The researchers presented GhostX on Tuesday (Oct. 22) at the 32nd ACM User Interface Software and Technology Symposium in New Orleans.
The technology solves a big engineering conundrum: For humans and robots to truly collaborate, they would have to know exactly what each other is doing.
“Factories currently prefer for humans and robots to work separately because they would need an extremely robust method to sync a human with a robot. That’s not the case for current technology,” Cao said.
With GhostX, whatever plan a user makes with the ghost form of the robot while wearing an augmented reality head mount is communicated to the real robot through a cloud connection – allowing both the user and robot to know what the other is doing as they perform a task.
The system also allows the user plan a task directly in time and space and without any programming knowledge. A YouTube video is available here.
“It’s totally codeless. The user programs the robot by demonstrating in an augmented reality environment how the two will work together,” said Karthik Ramani, the Donald W. Feddersen Professor of Mechanical Engineering.
First, the user acts out the human part of the task to be completed with a robot. The system then captures the human’s behavior and displays it to the user as an avatar ghost, representing the user’s presence in time and space.
Using the human ghost as a time-space reference, the user programs the robot via its own ghost to match up with the human’s role. The user and robot then perform the task as their ghosts did.
GhostX gives the user the option of either planning tasks to be completed at the same time or after each other. The system could also possibly work for planning the tasks of hundreds of robots at once, the researchers say.
The team will next explore the use of GhostX for training other humans.
A patent has been filed for this technology through the Purdue Research Foundation Office of Technology Commercialization. The work was funded by the National Science Foundation under grants FW-HTF 1839971, IIS (NRI) 1637961 and IIP (PFI:BIC) 1632154.

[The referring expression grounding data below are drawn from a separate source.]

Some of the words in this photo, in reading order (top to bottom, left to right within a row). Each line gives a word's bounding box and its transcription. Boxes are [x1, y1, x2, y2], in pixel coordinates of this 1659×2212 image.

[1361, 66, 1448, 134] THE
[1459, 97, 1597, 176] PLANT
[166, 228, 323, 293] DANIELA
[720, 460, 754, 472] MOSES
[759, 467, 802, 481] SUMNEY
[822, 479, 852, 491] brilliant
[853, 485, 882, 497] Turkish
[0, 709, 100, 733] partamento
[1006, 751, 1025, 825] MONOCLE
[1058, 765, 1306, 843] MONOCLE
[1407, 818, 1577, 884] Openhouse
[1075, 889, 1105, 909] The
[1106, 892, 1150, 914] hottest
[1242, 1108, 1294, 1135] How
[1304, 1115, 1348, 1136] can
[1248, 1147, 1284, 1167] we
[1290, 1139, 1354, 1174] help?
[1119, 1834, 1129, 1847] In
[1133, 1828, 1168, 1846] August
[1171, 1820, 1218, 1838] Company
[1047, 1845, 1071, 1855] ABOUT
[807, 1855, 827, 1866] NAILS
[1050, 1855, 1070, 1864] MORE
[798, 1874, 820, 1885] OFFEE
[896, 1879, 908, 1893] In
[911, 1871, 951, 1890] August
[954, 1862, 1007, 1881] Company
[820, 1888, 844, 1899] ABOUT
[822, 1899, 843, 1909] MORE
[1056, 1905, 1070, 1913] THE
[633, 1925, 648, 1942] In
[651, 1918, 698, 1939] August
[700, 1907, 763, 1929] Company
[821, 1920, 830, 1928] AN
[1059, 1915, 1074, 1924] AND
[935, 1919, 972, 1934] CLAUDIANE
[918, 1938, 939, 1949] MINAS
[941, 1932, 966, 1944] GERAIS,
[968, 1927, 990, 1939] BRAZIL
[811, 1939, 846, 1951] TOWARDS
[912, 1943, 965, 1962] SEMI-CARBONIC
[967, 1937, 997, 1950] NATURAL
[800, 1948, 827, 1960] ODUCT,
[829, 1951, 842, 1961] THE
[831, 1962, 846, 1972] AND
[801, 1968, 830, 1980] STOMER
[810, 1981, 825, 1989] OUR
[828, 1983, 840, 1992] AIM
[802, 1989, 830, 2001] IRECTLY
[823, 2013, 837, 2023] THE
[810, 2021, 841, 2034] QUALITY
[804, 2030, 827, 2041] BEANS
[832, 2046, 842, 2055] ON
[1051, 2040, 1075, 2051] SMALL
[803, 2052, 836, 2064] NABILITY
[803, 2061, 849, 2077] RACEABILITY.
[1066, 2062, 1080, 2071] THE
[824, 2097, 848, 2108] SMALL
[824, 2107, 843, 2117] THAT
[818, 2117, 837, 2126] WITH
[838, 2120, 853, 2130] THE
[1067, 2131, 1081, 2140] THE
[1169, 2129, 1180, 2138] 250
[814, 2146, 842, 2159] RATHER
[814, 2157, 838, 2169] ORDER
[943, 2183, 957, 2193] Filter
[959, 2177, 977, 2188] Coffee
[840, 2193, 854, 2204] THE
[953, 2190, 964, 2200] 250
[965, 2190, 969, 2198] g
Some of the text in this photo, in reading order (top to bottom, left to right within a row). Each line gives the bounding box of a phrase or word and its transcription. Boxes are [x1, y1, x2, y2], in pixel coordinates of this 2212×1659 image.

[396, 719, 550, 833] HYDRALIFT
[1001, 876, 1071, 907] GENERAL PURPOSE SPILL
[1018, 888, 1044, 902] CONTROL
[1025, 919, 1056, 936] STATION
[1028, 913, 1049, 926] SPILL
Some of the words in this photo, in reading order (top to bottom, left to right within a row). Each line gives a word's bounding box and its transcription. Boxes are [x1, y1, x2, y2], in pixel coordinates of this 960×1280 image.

Media contact: Steve Tally, 765-494-9809, firstname.lastname@example.org
Writer: Kayla Wiles
Sources: Karthik Ramani, 765 494-5725, email@example.com
Yuanzhi Cao, firstname.lastname@example.org
Note to Journalists: For a copy of the paper, please contact Steve Tally, Purdue News Service, at email@example.com. A YouTube video is available at https://www.youtube.com/watch?v=CikZMBcKLIE. The video was produced by Jared Pike, communications specialist for Purdue University’s School of Mechanical Engineering.
We present GhostAR, a time-space editor for authoring and acting Human-Robot-Collaborative (HRC) tasks in-situ. Our system adopts an embodied authoring approach in Augmented Reality (AR), for spatially editing the actions and programming the robots through demonstrative role-playing. We propose a novel HRC workflow that externalizes user’s authoring as demonstrative and editable AR ghost, allowing for spatially situated visual referencing, realistic animated simulation, and collaborative action guidance. We develop a dynamic time warping (DTW) based collaboration model which takes the real-time captured motion as inputs, maps it to the previously authored human actions, and outputs the corresponding robot actions to achieve adaptive collaboration. We emphasize an in-situ authoring and rapid iterations of joint plans without an offline training process. Further, we demonstrate and evaluate the effectiveness of our workflow through HRC use cases and a three-session user study.